=== Task to carry out ===
A faithful transcription of all the data, images excluded, is the required answer.

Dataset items

☆ ☆ ☆ ☆ ☆

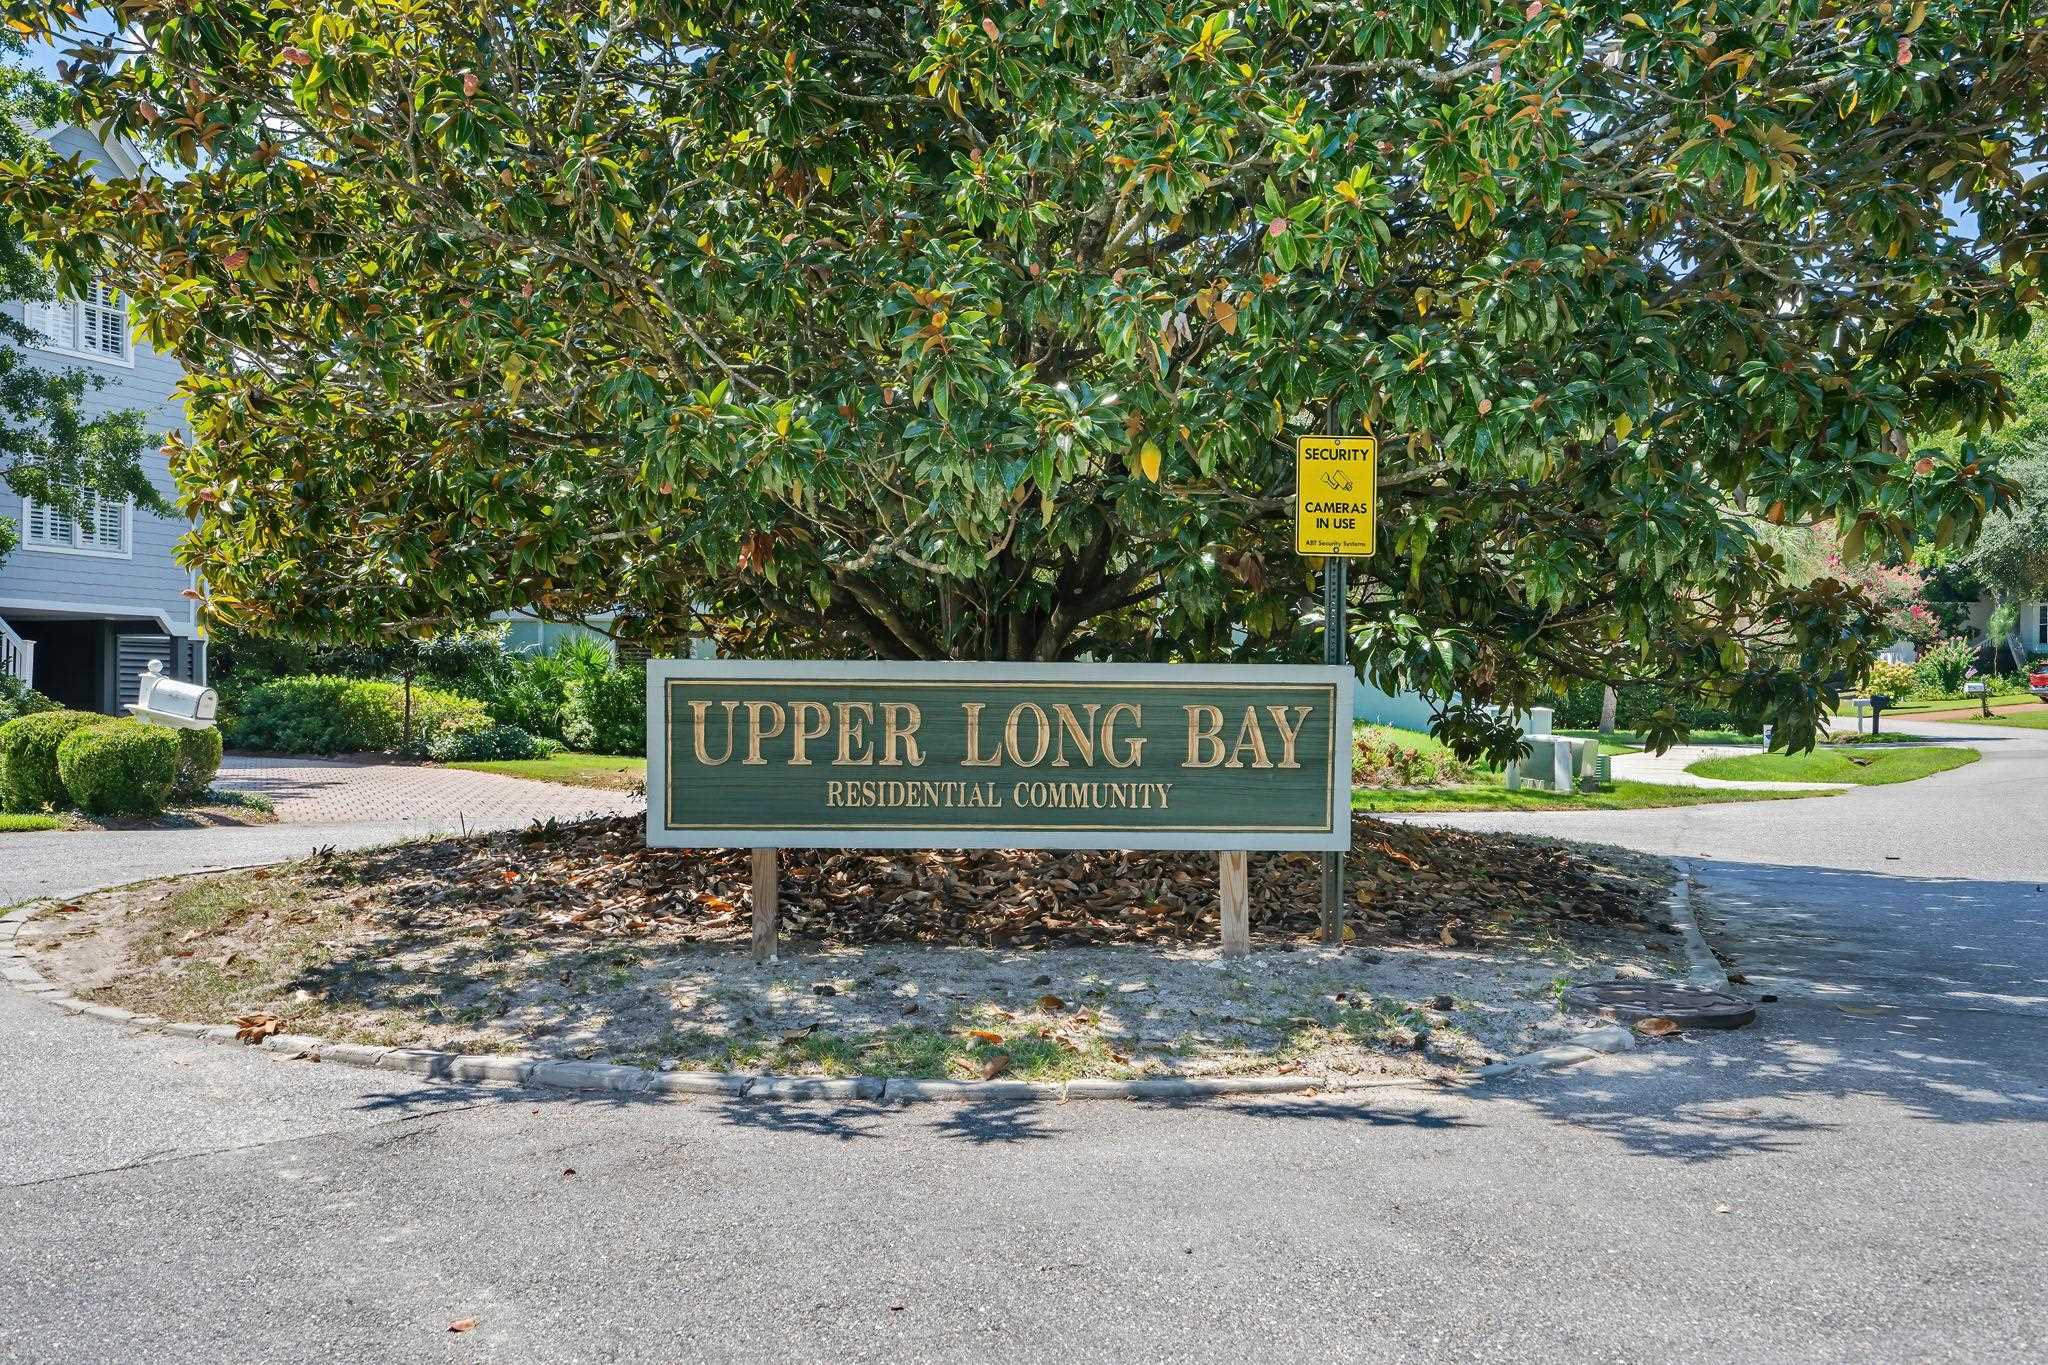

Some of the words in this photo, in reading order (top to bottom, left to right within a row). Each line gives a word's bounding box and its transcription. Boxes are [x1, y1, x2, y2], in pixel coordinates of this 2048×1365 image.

[1305, 448, 1369, 461] SECURITY
[1305, 502, 1367, 514] CAMERAS
[1316, 518, 1329, 529] IN
[1333, 518, 1356, 529] USE
[688, 699, 927, 767] UPPER
[961, 702, 1147, 769] LONG
[1181, 704, 1314, 769] BAY
[826, 780, 1002, 809] RESIDENTIAL
[1013, 781, 1173, 810] COMMUNITY
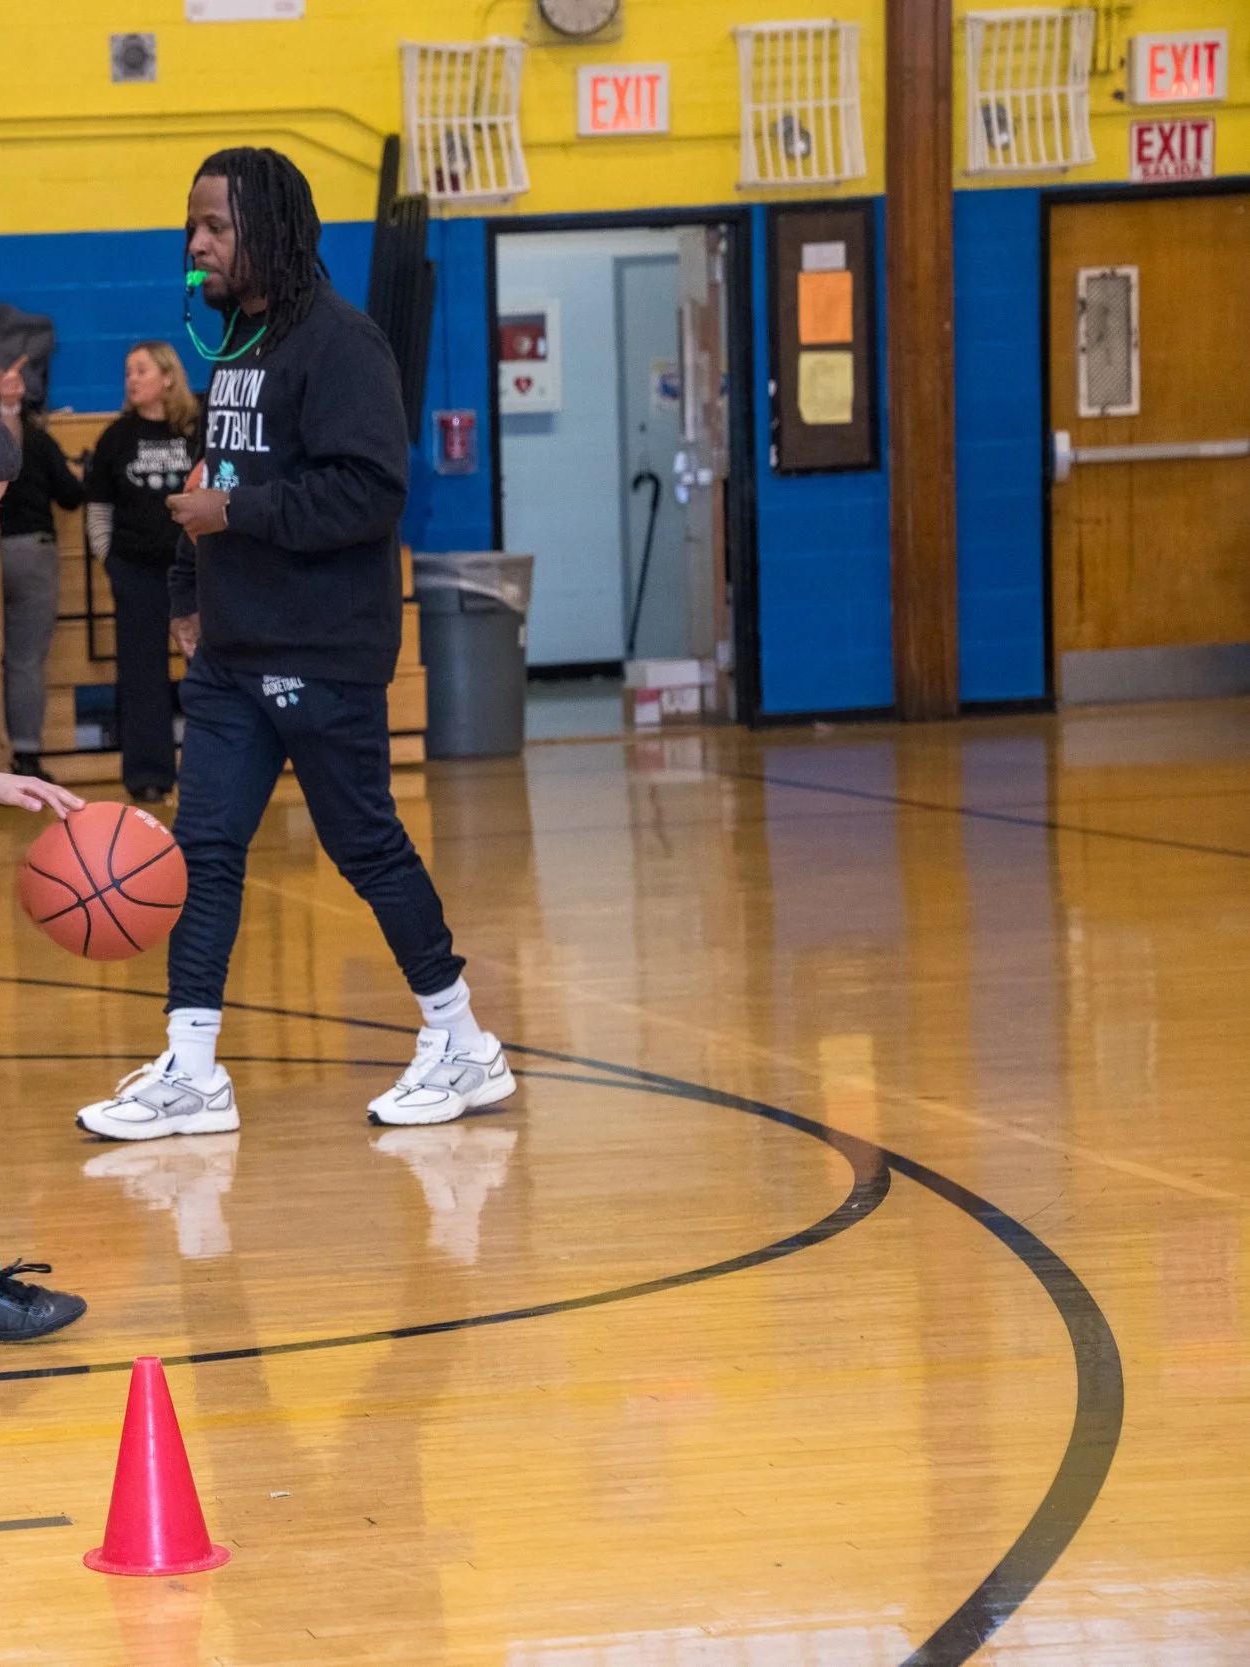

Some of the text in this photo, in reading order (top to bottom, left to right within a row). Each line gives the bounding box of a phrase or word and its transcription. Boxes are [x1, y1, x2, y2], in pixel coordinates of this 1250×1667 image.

[1147, 41, 1221, 99] EXIT
[590, 74, 661, 131] EXIT
[1136, 122, 1208, 164] EXIT

☆ ☆ ☆ ☆ ☆

=== Written reply ===
Some of the words in this photo, in reading order (top to bottom, left to right within a row). Each line gives a word's bounding box and its transcription. Boxes are [x1, y1, x2, y2], in pixel coordinates of this 2048×1365 image.

[1305, 448, 1369, 461] SECURITY
[1305, 502, 1367, 514] CAMERAS
[1316, 518, 1329, 529] IN
[1333, 518, 1356, 529] USE
[688, 699, 927, 767] UPPER
[961, 702, 1147, 769] LONG
[1181, 704, 1314, 769] BAY
[826, 780, 1002, 809] RESIDENTIAL
[1013, 781, 1173, 810] COMMUNITY

Some of the text in this photo, in reading order (top to bottom, left to right within a row). Each line gives the bounding box of a phrase or word and its transcription. Boxes are [x1, y1, x2, y2], in pixel coordinates of this 1250×1667 image.

[1147, 41, 1221, 99] EXIT
[590, 74, 661, 131] EXIT
[1136, 122, 1208, 164] EXIT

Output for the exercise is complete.